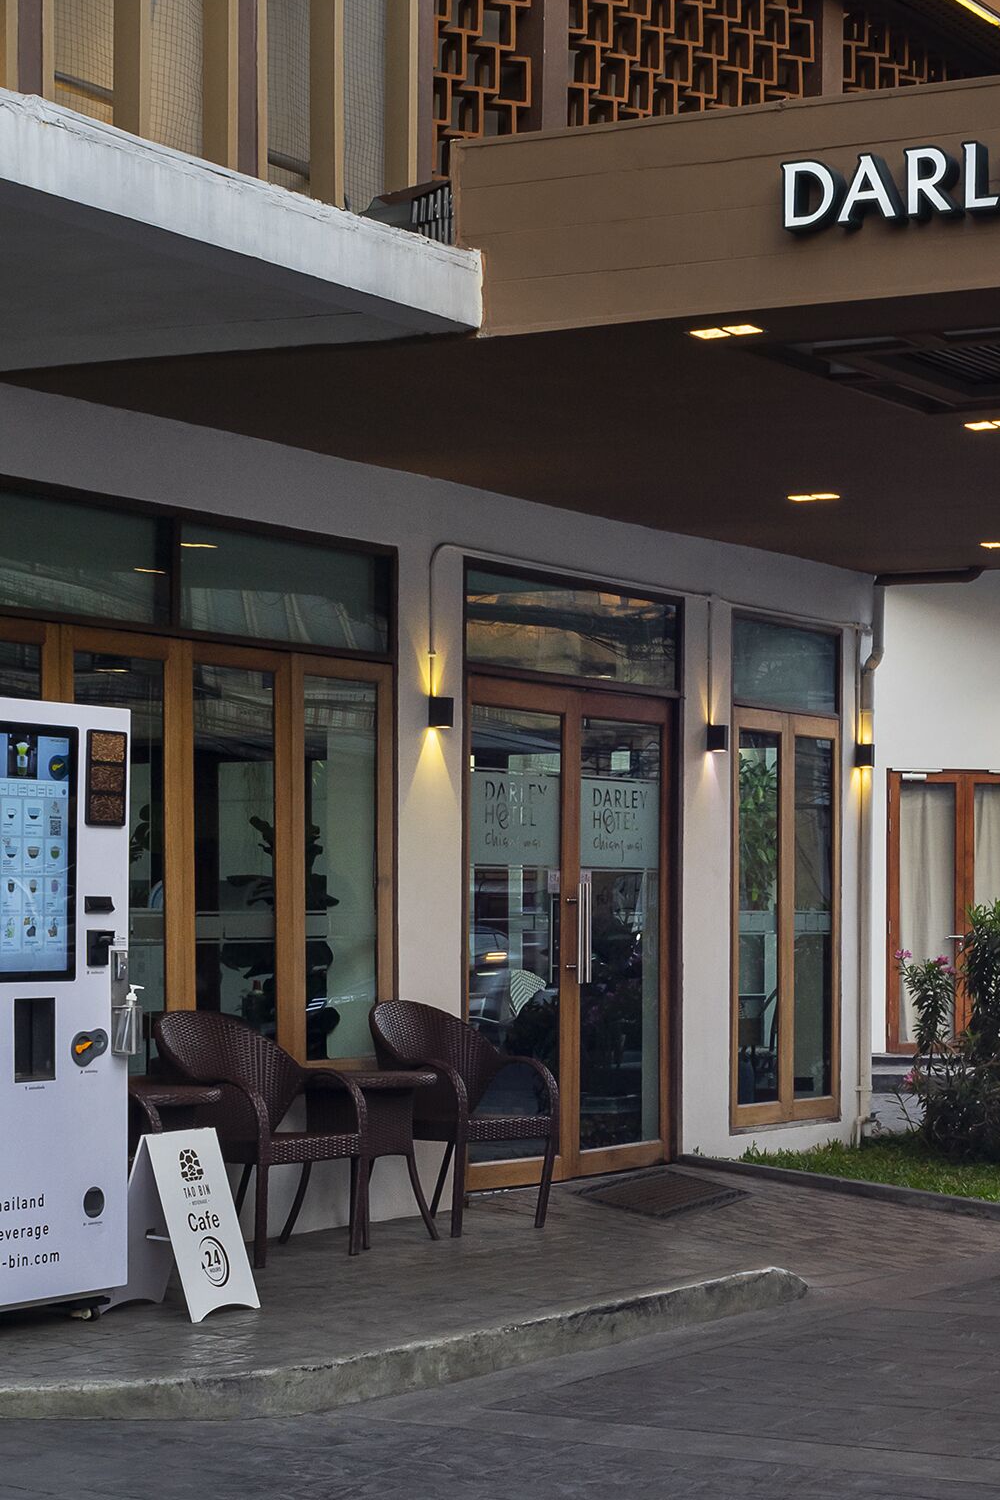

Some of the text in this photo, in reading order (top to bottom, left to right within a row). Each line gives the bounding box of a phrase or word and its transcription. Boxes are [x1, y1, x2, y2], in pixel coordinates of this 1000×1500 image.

[592, 787, 648, 810] DARLEY
[183, 1183, 212, 1199] TAO BIN
[187, 1210, 220, 1232] Cafe
[204, 1249, 221, 1267] 24
________________
What the task requires:
Repeat the records above exactly, without pictures.

Solution below:
Some of the text in this photo, in reading order (top to bottom, left to right within a row). Each line gives the bounding box of a phrase or word and its transcription. Boxes are [x1, y1, x2, y2], in pixel coordinates of this 1000×1500 image.

[592, 787, 648, 810] DARLEY
[183, 1183, 212, 1199] TAO BIN
[187, 1210, 220, 1232] Cafe
[204, 1249, 221, 1267] 24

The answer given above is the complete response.